• [Available data]:
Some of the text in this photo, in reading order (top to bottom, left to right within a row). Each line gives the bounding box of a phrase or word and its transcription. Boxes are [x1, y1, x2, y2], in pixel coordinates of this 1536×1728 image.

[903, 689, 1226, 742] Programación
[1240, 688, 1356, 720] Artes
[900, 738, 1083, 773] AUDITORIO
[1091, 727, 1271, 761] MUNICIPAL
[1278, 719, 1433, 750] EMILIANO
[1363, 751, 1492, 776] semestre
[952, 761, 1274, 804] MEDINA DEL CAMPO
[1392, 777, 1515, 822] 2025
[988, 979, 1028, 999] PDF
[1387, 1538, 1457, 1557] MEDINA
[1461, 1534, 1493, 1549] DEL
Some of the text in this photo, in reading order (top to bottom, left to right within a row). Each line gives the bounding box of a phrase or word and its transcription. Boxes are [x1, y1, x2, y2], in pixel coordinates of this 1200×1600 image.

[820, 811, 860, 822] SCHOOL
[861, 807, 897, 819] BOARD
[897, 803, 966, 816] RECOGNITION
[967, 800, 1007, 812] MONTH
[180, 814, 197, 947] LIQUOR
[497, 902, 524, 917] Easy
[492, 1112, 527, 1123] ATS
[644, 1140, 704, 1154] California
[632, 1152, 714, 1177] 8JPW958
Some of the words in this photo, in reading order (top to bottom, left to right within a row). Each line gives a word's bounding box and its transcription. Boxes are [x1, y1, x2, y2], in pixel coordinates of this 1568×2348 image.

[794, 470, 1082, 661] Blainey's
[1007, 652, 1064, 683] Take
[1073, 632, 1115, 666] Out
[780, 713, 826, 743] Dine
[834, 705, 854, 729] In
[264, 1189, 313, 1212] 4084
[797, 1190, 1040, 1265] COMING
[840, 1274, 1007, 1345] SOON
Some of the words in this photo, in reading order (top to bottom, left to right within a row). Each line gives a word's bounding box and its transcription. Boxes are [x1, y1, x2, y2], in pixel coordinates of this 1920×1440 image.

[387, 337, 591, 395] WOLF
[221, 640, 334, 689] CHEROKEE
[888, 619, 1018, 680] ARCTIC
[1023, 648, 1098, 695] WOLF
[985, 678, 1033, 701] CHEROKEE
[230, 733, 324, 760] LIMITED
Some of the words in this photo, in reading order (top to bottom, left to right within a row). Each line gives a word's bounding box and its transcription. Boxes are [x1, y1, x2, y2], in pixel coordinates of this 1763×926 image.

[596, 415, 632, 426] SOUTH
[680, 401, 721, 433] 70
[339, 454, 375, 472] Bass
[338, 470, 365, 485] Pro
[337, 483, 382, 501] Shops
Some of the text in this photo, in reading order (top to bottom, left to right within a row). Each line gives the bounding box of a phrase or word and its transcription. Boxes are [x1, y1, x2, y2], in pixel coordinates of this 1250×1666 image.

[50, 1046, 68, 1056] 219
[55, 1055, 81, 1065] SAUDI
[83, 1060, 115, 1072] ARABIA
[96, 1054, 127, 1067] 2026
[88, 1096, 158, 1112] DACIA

• [Assignment]: The listing is to be retyped in full, exactly as shown.

• [Exercise output]:
Some of the text in this photo, in reading order (top to bottom, left to right within a row). Each line gives the bounding box of a phrase or word and its transcription. Boxes are [x1, y1, x2, y2], in pixel coordinates of this 1536×1728 image.

[903, 689, 1226, 742] Programación
[1240, 688, 1356, 720] Artes
[900, 738, 1083, 773] AUDITORIO
[1091, 727, 1271, 761] MUNICIPAL
[1278, 719, 1433, 750] EMILIANO
[1363, 751, 1492, 776] semestre
[952, 761, 1274, 804] MEDINA DEL CAMPO
[1392, 777, 1515, 822] 2025
[988, 979, 1028, 999] PDF
[1387, 1538, 1457, 1557] MEDINA
[1461, 1534, 1493, 1549] DEL
Some of the text in this photo, in reading order (top to bottom, left to right within a row). Each line gives the bounding box of a phrase or word and its transcription. Boxes are [x1, y1, x2, y2], in pixel coordinates of this 1200×1600 image.

[820, 811, 860, 822] SCHOOL
[861, 807, 897, 819] BOARD
[897, 803, 966, 816] RECOGNITION
[967, 800, 1007, 812] MONTH
[180, 814, 197, 947] LIQUOR
[497, 902, 524, 917] Easy
[492, 1112, 527, 1123] ATS
[644, 1140, 704, 1154] California
[632, 1152, 714, 1177] 8JPW958
Some of the words in this photo, in reading order (top to bottom, left to right within a row). Each line gives a word's bounding box and its transcription. Boxes are [x1, y1, x2, y2], in pixel coordinates of this 1568×2348 image.

[794, 470, 1082, 661] Blainey's
[1007, 652, 1064, 683] Take
[1073, 632, 1115, 666] Out
[780, 713, 826, 743] Dine
[834, 705, 854, 729] In
[264, 1189, 313, 1212] 4084
[797, 1190, 1040, 1265] COMING
[840, 1274, 1007, 1345] SOON
Some of the words in this photo, in reading order (top to bottom, left to right within a row). Each line gives a word's bounding box and its transcription. Boxes are [x1, y1, x2, y2], in pixel coordinates of this 1920×1440 image.

[387, 337, 591, 395] WOLF
[221, 640, 334, 689] CHEROKEE
[888, 619, 1018, 680] ARCTIC
[1023, 648, 1098, 695] WOLF
[985, 678, 1033, 701] CHEROKEE
[230, 733, 324, 760] LIMITED
Some of the words in this photo, in reading order (top to bottom, left to right within a row). Each line gives a word's bounding box and its transcription. Boxes are [x1, y1, x2, y2], in pixel coordinates of this 1763×926 image.

[596, 415, 632, 426] SOUTH
[680, 401, 721, 433] 70
[339, 454, 375, 472] Bass
[338, 470, 365, 485] Pro
[337, 483, 382, 501] Shops
Some of the text in this photo, in reading order (top to bottom, left to right within a row). Each line gives the bounding box of a phrase or word and its transcription. Boxes are [x1, y1, x2, y2], in pixel coordinates of this 1250×1666 image.

[50, 1046, 68, 1056] 219
[55, 1055, 81, 1065] SAUDI
[83, 1060, 115, 1072] ARABIA
[96, 1054, 127, 1067] 2026
[88, 1096, 158, 1112] DACIA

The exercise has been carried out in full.